Montañita
Por
alguna extraña razón esa mañana había estado escuchado una vieja canción de
Roberto Carlos, esa de Qué será de tí, pero en la versión de Thalía.
Era solo por buscar otra cosa; me había dejado estupefacto un pequeño libro que
había leído la noche anterior, algo sobre el rostro y Rembrandt, sobre el
retrato, sobre la razón de los retratos. Era de Jean-Luc Nancy, La mirada del retrato. Y con esa melodía
fui a la cocina a buscar huevos, tocineta, un tomate verde todavía y unos croissants que había preparado la noche
anterior. La cocina siempre ha sido mi receta contra
el estrés. Sobre todo hacer esos pastelitos con forma de medialuna curva que es
parte de una tradición árabe milenaria, relacionada con el tchareke
de Argelia o el kaab el ghzal de Marruecos. La medialuna es un emblema
del antiguo Imperio otomano y el croissant
provendría de una adaptación vienesa de ese símbolo.
Según la
leyenda, en 1683 los soldados otomanos al mando de Kara Mustafá,
levantaron un cerco a Viena. Tras innumerables asaltos, una noche, como en todas las leyendas, los turcos decidieron construir un túnel y atacarlos por
sorpresa, para evitar las murallas.
Trabajaron solo en la noche, en las horas en las que los panaderos trabajaban. Ellos se dieron cuenta de la amenaza y lanzaron la alarma.

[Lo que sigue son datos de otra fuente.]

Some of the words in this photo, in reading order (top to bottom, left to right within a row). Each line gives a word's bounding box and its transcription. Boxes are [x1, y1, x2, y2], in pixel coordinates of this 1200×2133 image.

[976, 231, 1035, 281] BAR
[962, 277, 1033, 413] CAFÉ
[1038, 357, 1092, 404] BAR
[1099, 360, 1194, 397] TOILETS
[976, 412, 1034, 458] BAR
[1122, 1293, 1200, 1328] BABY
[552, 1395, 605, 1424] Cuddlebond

Los turcos se llevaron la sorpresa, porque fueron sorprendidos
por los vieneses; las tropas musulmanas se vieron obligadas a levantar el sitio.

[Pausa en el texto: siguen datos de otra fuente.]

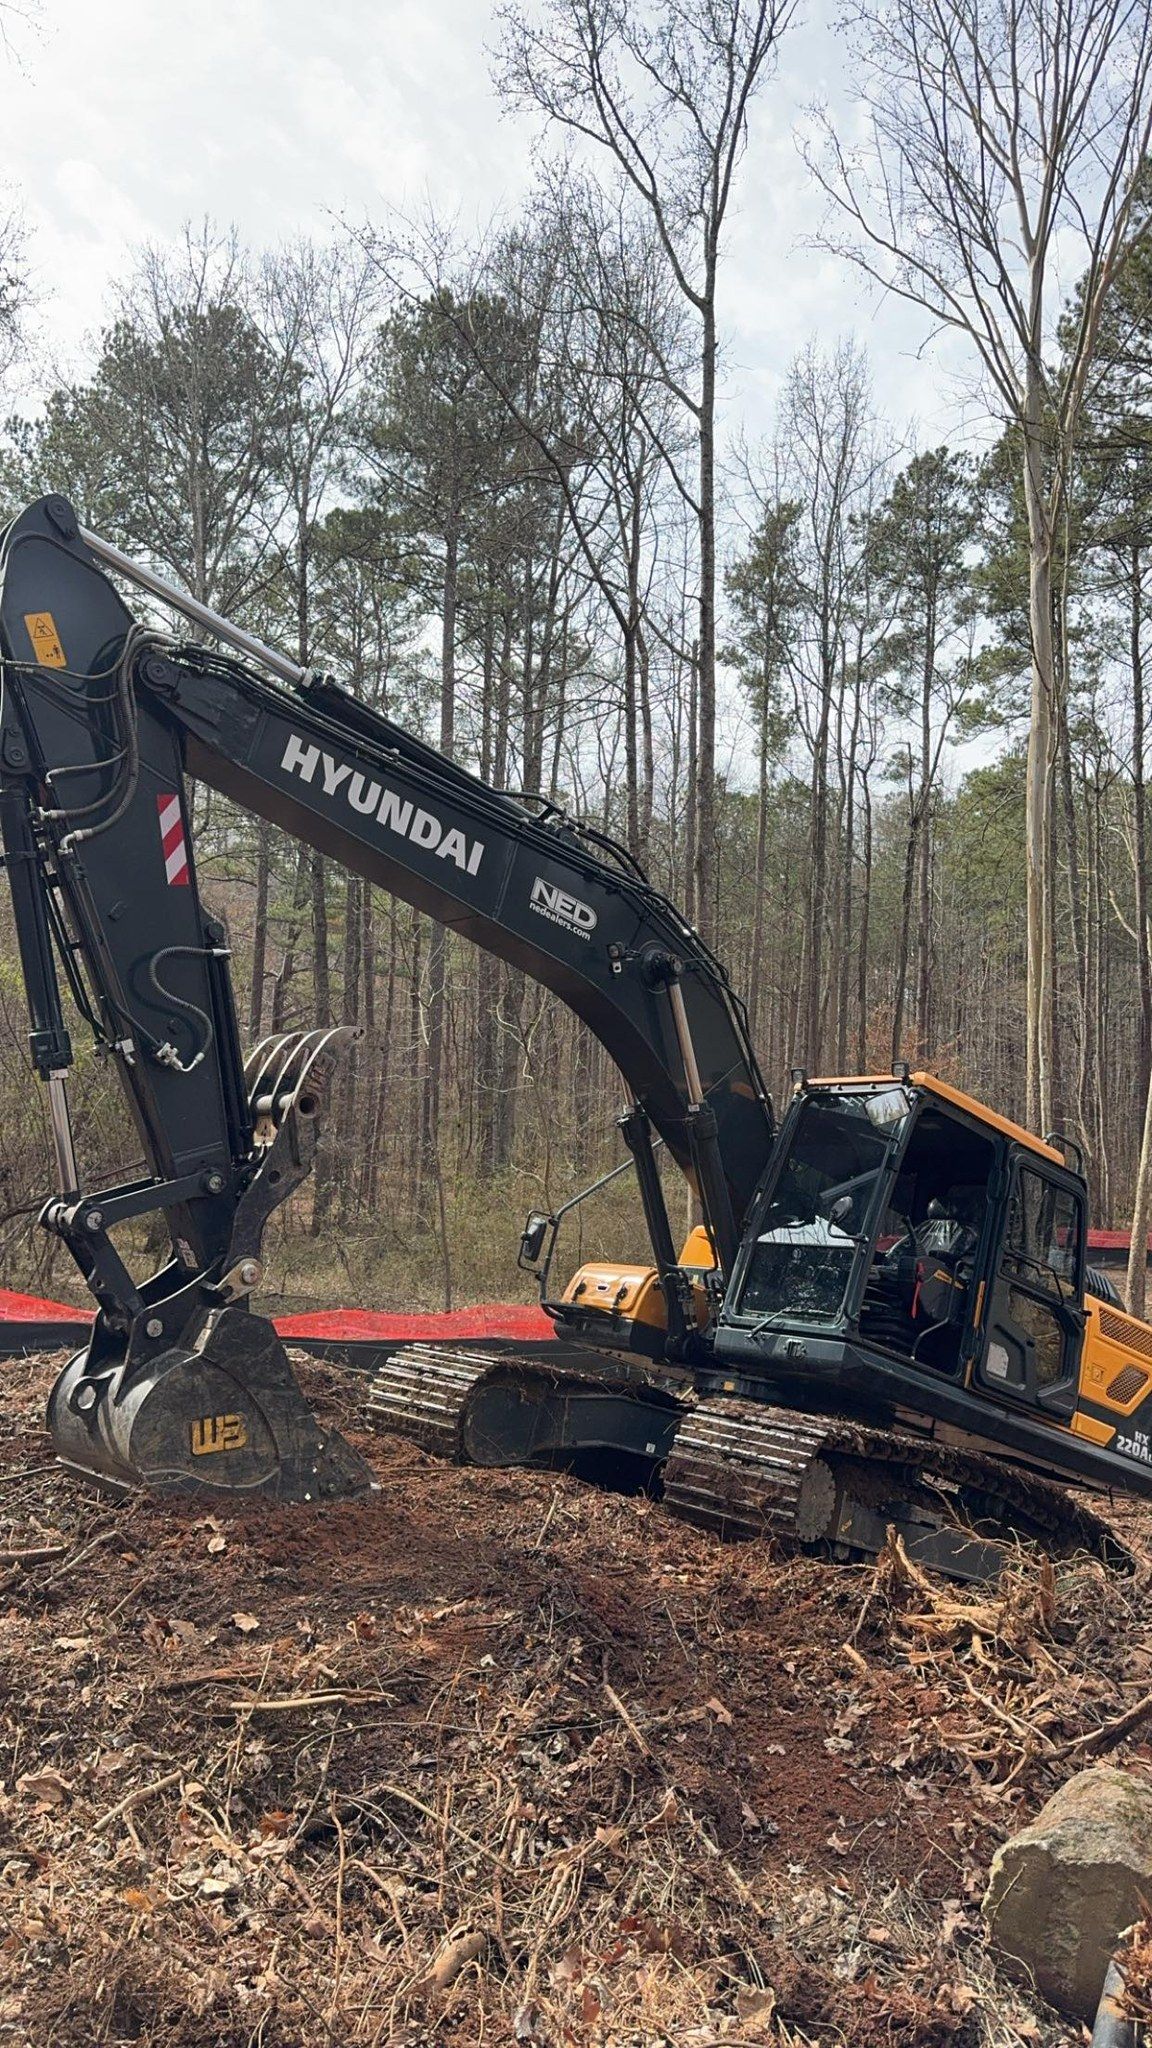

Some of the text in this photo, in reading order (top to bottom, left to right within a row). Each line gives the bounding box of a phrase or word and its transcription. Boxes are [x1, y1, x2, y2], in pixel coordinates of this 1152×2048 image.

[281, 734, 485, 876] HYUNDAI
[529, 902, 591, 941] nedealers.com
[530, 876, 598, 930] NED
[1134, 1431, 1149, 1446] HX

Las tropas austriacas de Leopoldo I, bajo el mando del rey de
Polonia, Jan III Sobieski, terminaron por expulsar al ejército enemigo. Y los panaderos vieneses idearon dos panes: uno con el
nombre del emperador y otro Halbmond, que en alemán significa media
luna, como mofa del emblema de los turcos otomanos.
El secreto de un buen croissant será siempre la lecha tibia.

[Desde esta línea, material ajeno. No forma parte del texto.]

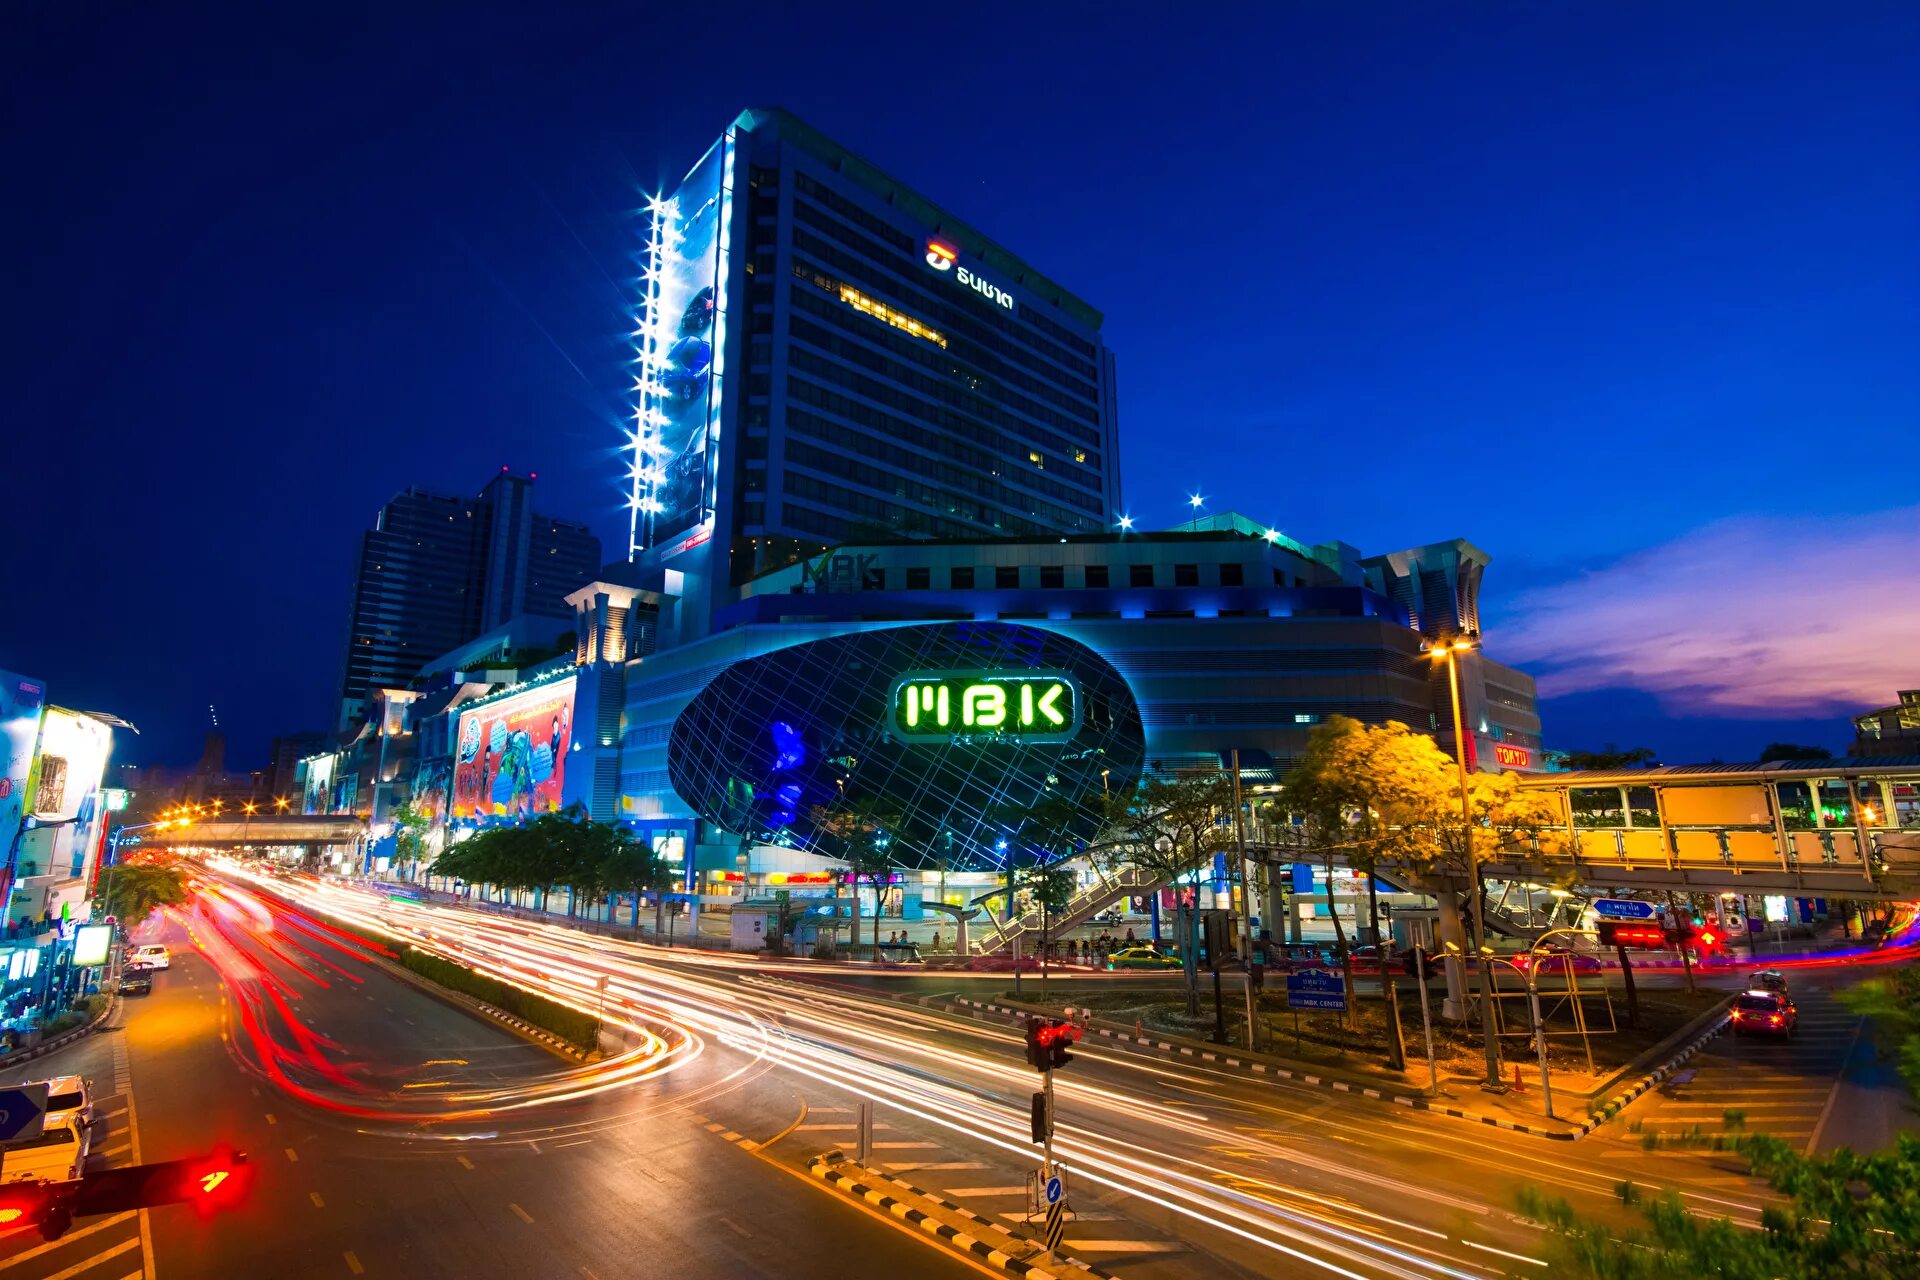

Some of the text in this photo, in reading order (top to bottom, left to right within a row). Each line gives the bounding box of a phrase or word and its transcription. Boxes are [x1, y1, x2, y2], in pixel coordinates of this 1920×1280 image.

Puse la cafetera y partí unas naranjas que había comprado en Milagro, la ciudad
de las piñas. Ella todavía dormía boca abajo, con las sábanas cubriéndole solo
hasta las rodillas. Sentí una erección y me metí entre sus piernas. No tuvo
tiempo de decir que no. Veinte minutos después le dije que el desayuno estaba
servido. Una hora más tarde ya estábamos en la carretera. Esa tarde jugaba
Ecuador contra Venezuela en Argentina, por la copa América, y quería ver el
partido en un lugar más relajado y le propuse ir a Montañita, a dos horas de
Guayaquil. Paramos en Valdivia a tomar algo, en un bar que tenía la forma de un
barco, pero diez minutos sentados ahí, ningún mesero aparecía. Faltaba una hora
para el partido.
Montañita
estaba como siempre, con mucho turista y mucha música. Lady Gaga a todo
volumen, rastas y marihuana. Este es tu ambiente, le dije a ella. Fuimos a
registrarnos en un hotel donde terminamos una botella de vino blanco que se
había conservado fría a pesar de las dos horas del viaje. En una de las calles
estaba un bogotano con el que hace algún tiempo ella había tenido sexo a
cambio de marihuana. Bueno, eso fue lo que me dijo. Pero no lo saludó. Hallamos
un restaurante lleno de gringos y nos sentamos en una mesa cerca de la calle.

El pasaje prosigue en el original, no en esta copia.